Compliance acceptable Measures the degree of noncompliance with the treatment protocol
Dropout rate Measures the dropout rate at different periods of time
Timing of assessments Assessments and reassessments should be performed at the same time from inception for all study groups
Analyzed by intention to treat Whether the study data was analyzed with an "intention to treat" analysis

Methods Used to Formulate the Recommendations

Expert Consensus

Expert Consensus (Nominal Group Technique)

Description of Methods Used to Formulate the Recommendations

Each recommendation includes citations of the specific scientific literature which supports the recommendation. The recommendations explicitly consider the health benefits, side effects, and risks of the proposed recommendation. Recommendations include the data elements described below.

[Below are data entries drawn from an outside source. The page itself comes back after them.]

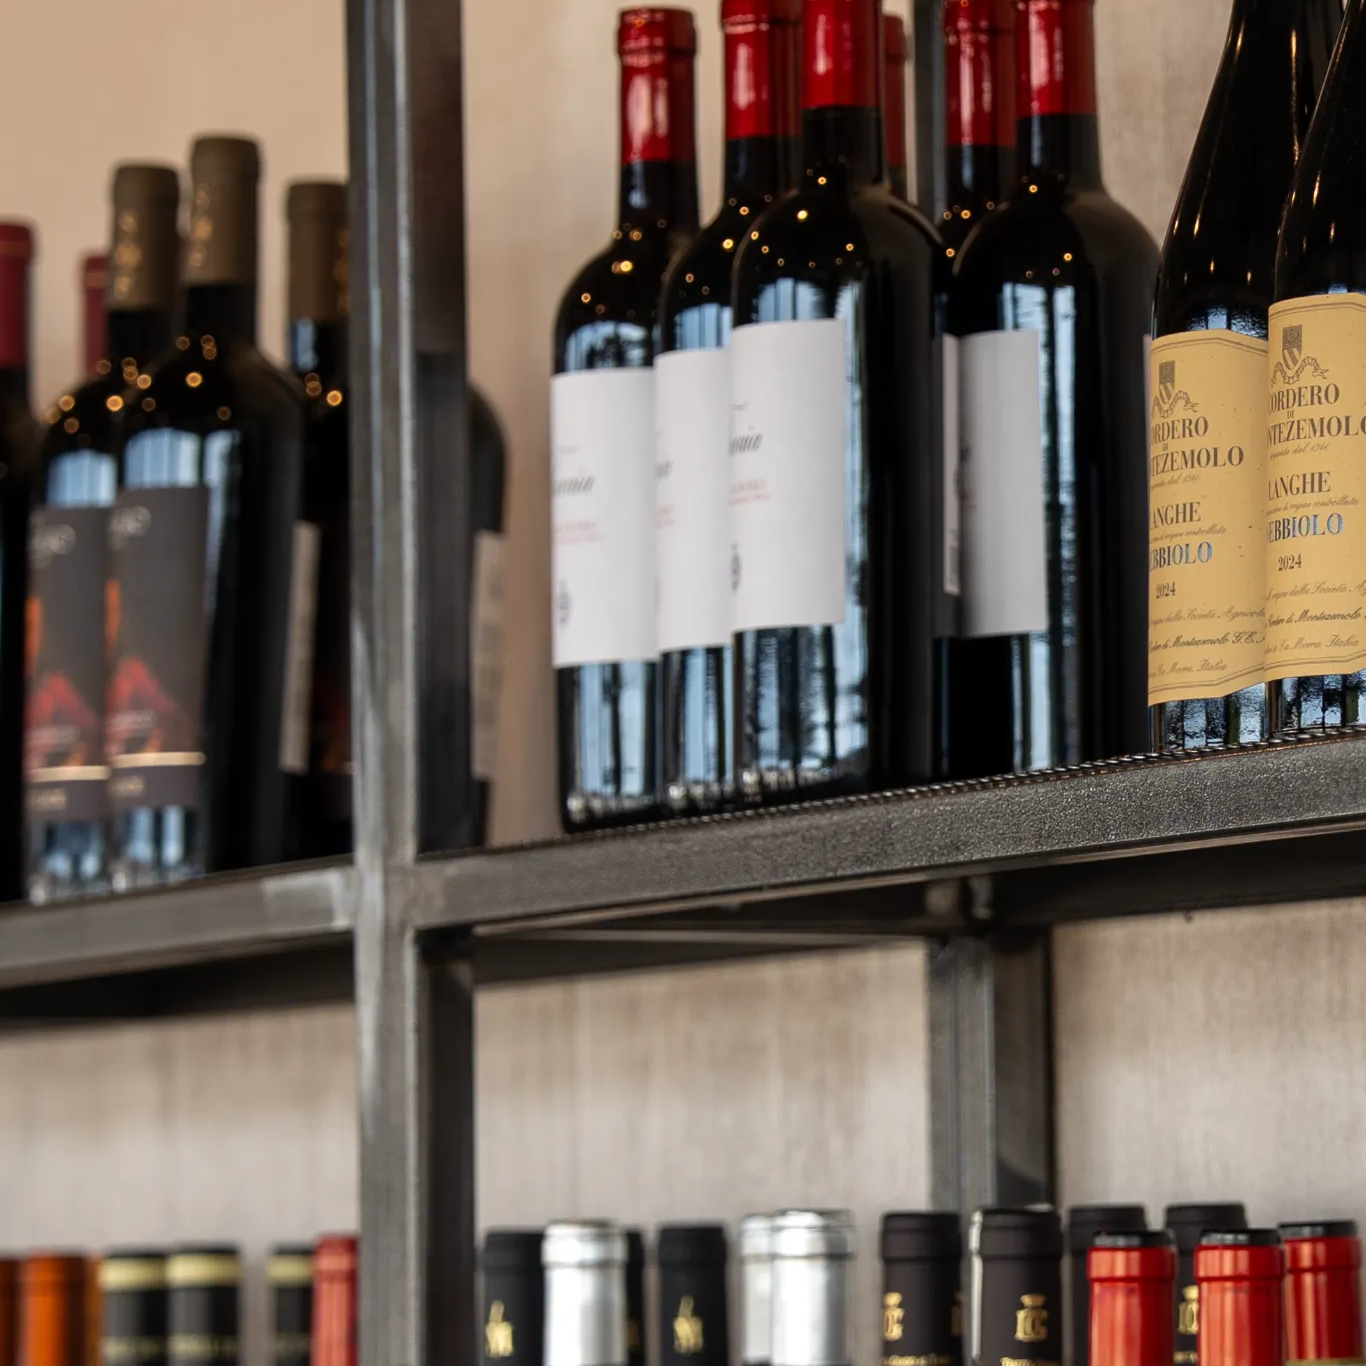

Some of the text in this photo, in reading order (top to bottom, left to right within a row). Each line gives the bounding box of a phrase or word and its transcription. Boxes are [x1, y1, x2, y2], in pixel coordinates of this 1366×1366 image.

[1153, 416, 1209, 444] RDERO
[1268, 471, 1331, 501] LANGHE
[1151, 501, 1201, 530] ANGHE
[1278, 553, 1302, 571] 2024
[1156, 581, 1176, 599] 2024
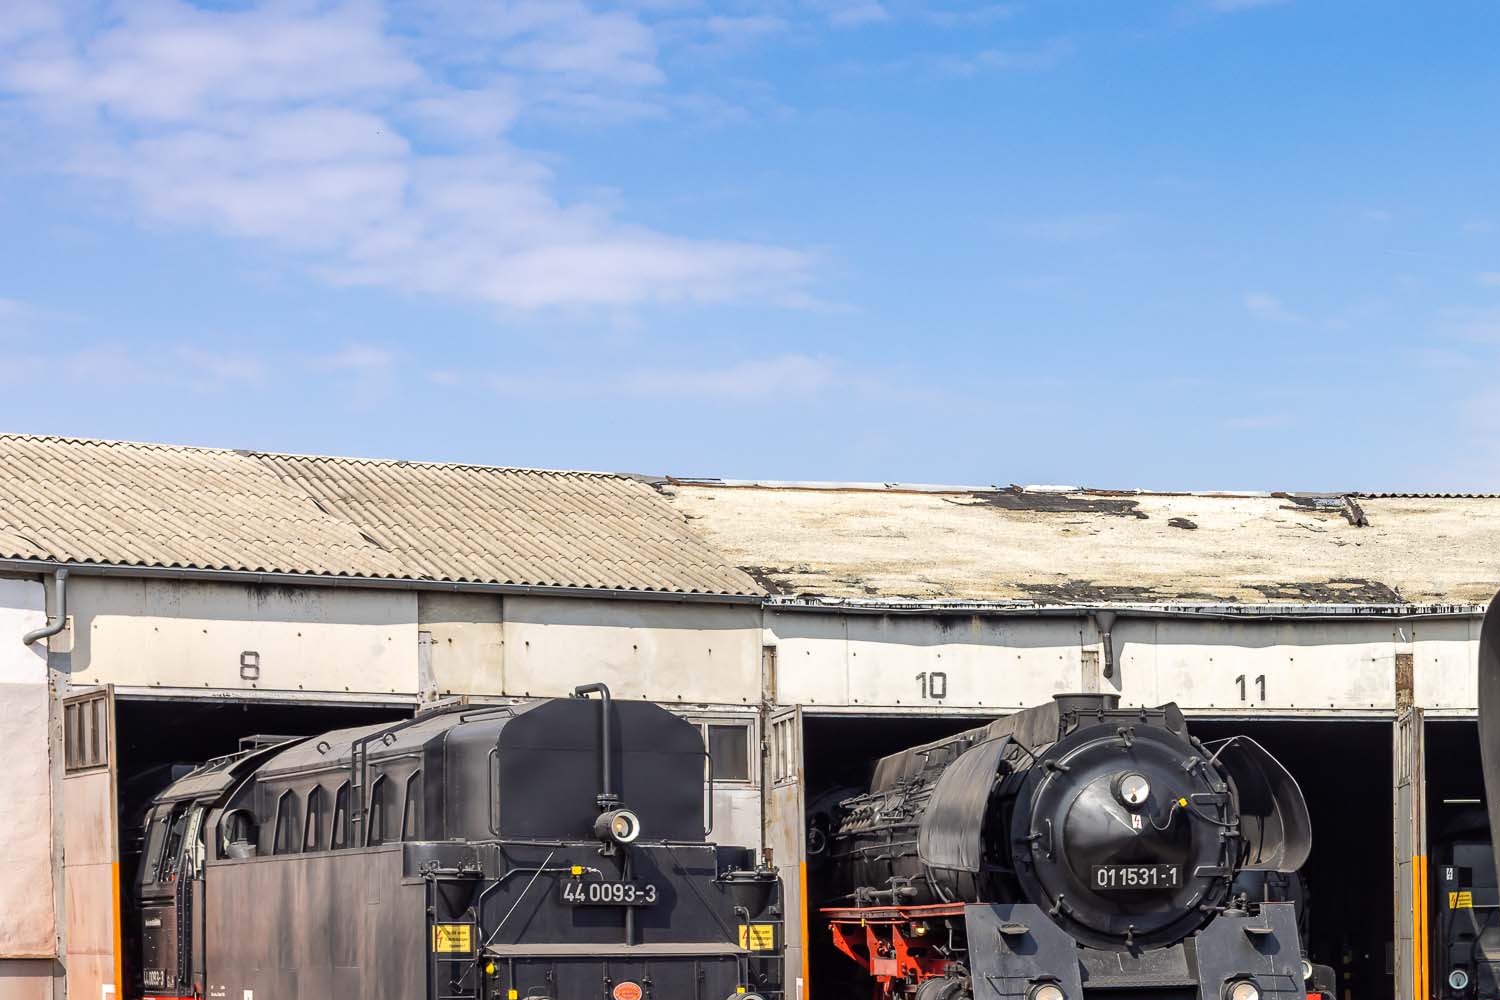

Content of Recommendations for Diagnostic Testing or Treatment

  1. The diagnoses for which the test or treatment is indicated
  2. The specific indications for the test or treatment
  3. The point in the time course of the problem for which it is appropriate
  4. Prior conservative treatment that should be tried first
  5. Relative and absolute contraindications to the test or procedure
  6. The number of tests or procedures that are appropriate at a given time in the course of the problem
  7. The potential benefits of the test or procedure
  8. The potential harms, including effects on disability and return to work

The Evidence-based Practice Panels (EBPPs) for each topic area review and discuss draft practice recommendations from the research staff that includes a review of the quality evidence, evidence tables, and summaries. The strength of evidence rating is confirmed by the EBPP responsible for the topic, with review by the Guideline Methodology Committee (GMC). EBPP members may present additional comments related to their clinical opinions and experience for panel consideration. If a unanimous decision is not possible, an EBPP may vote on the rating of the strength of the evidence to determine a consensus. Dissenters to the consensus may draft minority opinions about the strength of evidence. In practice, this has not happened as recommendations have been unanimous.

Formulation of recommendations requires clinical judgment as well as a full evaluation and consideration of the available high-quality evidence. To aid in framing recommendations, the GMC developed a list of "First Principles" based on the Hippocratic Oath ("First Do No Harm"), medical logic, appropriate sequencing and case management, shared decision-making, support of functional recovery, and relative cost-effectiveness. The First Principles are defined in Table 7 in the methodology companion (see the "Availability of Companion Documents" field). When there is insufficient high-quality evidence of effectiveness or efficacy, or the high-quality evidence is conflicting, and to guide recommendations for alternative tests or treatments when there are several options, these principles are used to guide group decision-making.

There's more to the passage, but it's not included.